The most convenient is the annual distribution of profits. This is due to the fact that the activities of the enterprise can be planned, and there will be no shortage of funds for the implementation of tasks. Semiannual and quarterly payments are less convenient, as they require greater mobility in changing the directions of activity of a business entity.

The procedure for the distribution of profits in LLC between the participants involves the payment of the share of the investor no later than two months after the approval of the decision to make payments. But this period can be established by the Charter of the enterprise as shorter or longer.

When are dividends not paid?

There are restrictions on the distribution of net profit, which are associated with limited financial reserves of the enterprise.

Investors do not receive a share in net profit if:

  • not fully replenished the authorized capital;
  • the company has not closed all of its tax liabilities;
  • LLC financial position is close to bankruptcy;
  • if, in the case of dividends, the company is on the verge of bankruptcy;
  • if the assets in value terms are less than the value of the authorized and reserve capital at the time of the decision on the distribution of profit to the founders, or may decrease after making payments.

The investor can receive a share of the net profit after the expiration of the settlement period for three years.

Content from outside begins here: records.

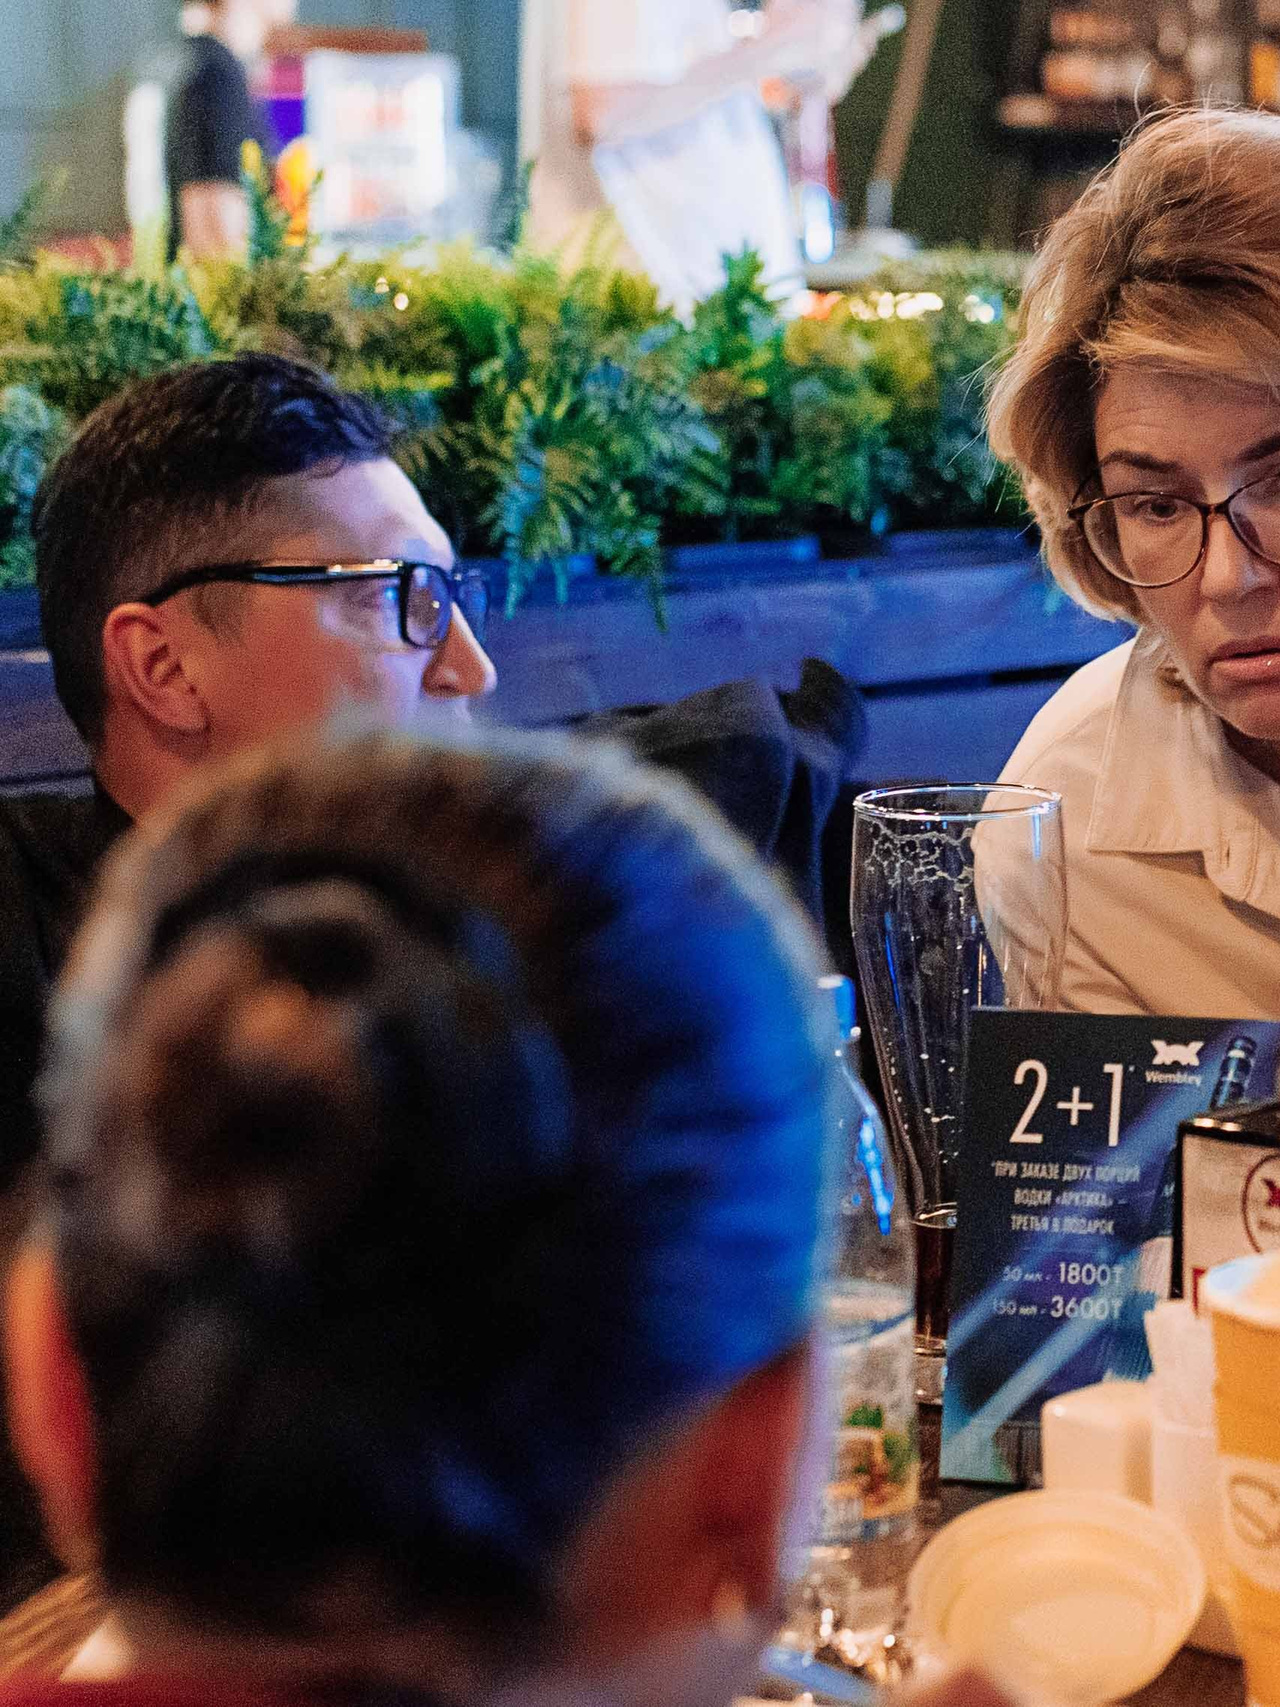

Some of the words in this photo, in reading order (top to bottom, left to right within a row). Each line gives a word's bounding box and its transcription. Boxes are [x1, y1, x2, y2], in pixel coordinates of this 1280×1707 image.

[1145, 1069, 1201, 1086] Wembley
[1020, 1161, 1060, 1179] ЗАКАЗЕ
[1062, 1163, 1093, 1182] ДВУХ
[1095, 1165, 1140, 1183] ПОРЦИЙ
[1014, 1188, 1052, 1207] ВОДКИ
[1011, 1214, 1049, 1231] ТРЕТЬЯ
[1063, 1216, 1115, 1234] ПОДАРОК

In addition, the period for the payment of dividends is separately specified in the Charter of the enterprise at the time of formation of the LLC and can reach five or more years.

If the depositor has not claimed a share in net profit, it is returned to the balance sheet of the enterprise as retained.

Profit sharing

Reflection in accounting

At the end of the calendar year, before the date of the meeting is set, retained earnings are allocated to line 1370 of the balance sheet. If this amount is a positive value, then it should be divided. In case of a negative indicator, the value is taken in brackets and refers to losses. When distributing profits in the LLC between the posting participants, they are classified as active-passive accounts. 84 account - "Retained earnings", it corresponds to each other in debit and credit. Each of the accounts may have its own internal sub-account. 84 account corresponds with 75 "Settlements with founders".From this account, funds are deducted for taxation and payment of dividends to depositors.

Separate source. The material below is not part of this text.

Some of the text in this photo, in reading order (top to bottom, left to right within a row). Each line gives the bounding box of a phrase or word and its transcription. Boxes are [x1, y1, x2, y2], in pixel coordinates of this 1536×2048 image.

Distribution of profit in the LLC between the participants: an example

The date of accounting entries is the day the protocol is signed based on the results of the meeting. This necessarily takes into account the accountant of the enterprise.

An example of a distribution is the aforementioned Rus enterprise.

The protocol date is 02/10/2018, which means that the corresponding accounting records were also issued at that time. The amount of net profit (by decision of the founders), which is subject to distribution, is 50,000 rubles.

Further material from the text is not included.